I've noticed that some of our users run pods that do heavy computational tasks. Our web app queries these pods and waits for a response. However, some queries are taking longer than the default 30-second timeout for pod ingress, so I increased the timeout to 60 seconds. Users are still experiencing timeouts, and they've now asked for an hour! This feels like it could lead to issues, but I'm not sure what the implications of having 1-hour ingress timeouts could be, especially with 3 to 10 pods running simultaneously. What are the potential downsides of this approach?
6 Answers
The design of your application's endpoint might need to change. Instead of making it synchronous, where the frontend waits for a response, consider an asynchronous approach. You could return immediately with a token for the request. Then, when the processing is finished, the backend can push an event back to the client via websocket or server-sent events. This way, you avoid keeping connections open unnecessarily, which is much more efficient and less resource-intensive.

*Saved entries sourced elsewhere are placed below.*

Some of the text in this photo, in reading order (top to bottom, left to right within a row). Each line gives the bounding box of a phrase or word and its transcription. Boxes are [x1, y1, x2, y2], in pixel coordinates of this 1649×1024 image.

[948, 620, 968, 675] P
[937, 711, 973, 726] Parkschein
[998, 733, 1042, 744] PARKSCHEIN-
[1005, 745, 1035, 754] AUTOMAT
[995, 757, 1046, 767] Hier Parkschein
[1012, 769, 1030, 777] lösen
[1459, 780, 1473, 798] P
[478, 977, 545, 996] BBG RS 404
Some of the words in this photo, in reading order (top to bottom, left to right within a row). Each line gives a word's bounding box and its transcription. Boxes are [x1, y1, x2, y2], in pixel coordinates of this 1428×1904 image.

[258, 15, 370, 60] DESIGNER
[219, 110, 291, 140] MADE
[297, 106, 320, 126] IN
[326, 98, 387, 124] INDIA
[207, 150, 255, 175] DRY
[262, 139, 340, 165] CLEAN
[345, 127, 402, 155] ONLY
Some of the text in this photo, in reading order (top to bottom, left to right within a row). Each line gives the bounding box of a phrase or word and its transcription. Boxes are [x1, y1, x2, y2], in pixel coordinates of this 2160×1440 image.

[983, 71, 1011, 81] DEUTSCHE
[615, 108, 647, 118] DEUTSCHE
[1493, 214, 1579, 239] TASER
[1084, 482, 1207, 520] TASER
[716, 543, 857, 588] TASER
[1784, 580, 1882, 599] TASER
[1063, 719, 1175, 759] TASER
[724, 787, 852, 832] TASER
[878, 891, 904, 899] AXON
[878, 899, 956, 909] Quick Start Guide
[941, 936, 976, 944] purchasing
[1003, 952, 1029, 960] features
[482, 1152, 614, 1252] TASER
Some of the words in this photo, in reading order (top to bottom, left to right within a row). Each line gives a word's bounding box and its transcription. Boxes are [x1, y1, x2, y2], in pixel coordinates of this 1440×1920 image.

One major concern is the number of TCP connections that your load balancer or proxy has to maintain. If a lot of pods have long timeouts, it means the proxy has to keep all those connections open, which can eat up resources like memory and file descriptors. This won't be a huge issue if your traffic is low, but with high request volumes, it could really impact performance. Additionally, if the proxy restarts, those long-running queries may still hold server resources without a client on the other end.
We have a 'slow' ingress setup for exactly this reason. Sometimes, it just takes a while for services to respond, and you don't want to write a bunch of complex polling logic. For those edge cases, wait times are understandable.
This setup sounds problematic in terms of design. Keeping a TCP connection open for so long goes against best practices, especially since there’s a built-in 5-minute timeout in TCP/IP. Switching to a websocket model with a task queue and handling retries would be a much better option.
Using sidecars can help manage this situation. It allows for better control over TLS rules and ingress management on a per-service basis, but be sure to have a solid change approval process in place.
Honestly, asking for a 1-hour timeout isn't the right move. If these tasks take that long, the frontend really needs to rethink how it handles responses. Polling for updates every few seconds could work and would allow for a better overall architecture instead of waiting for long responses that can lead to connection issues.
Very good points here! Having long sessions can be common; just look at websocket connections. They can be active for a very long time.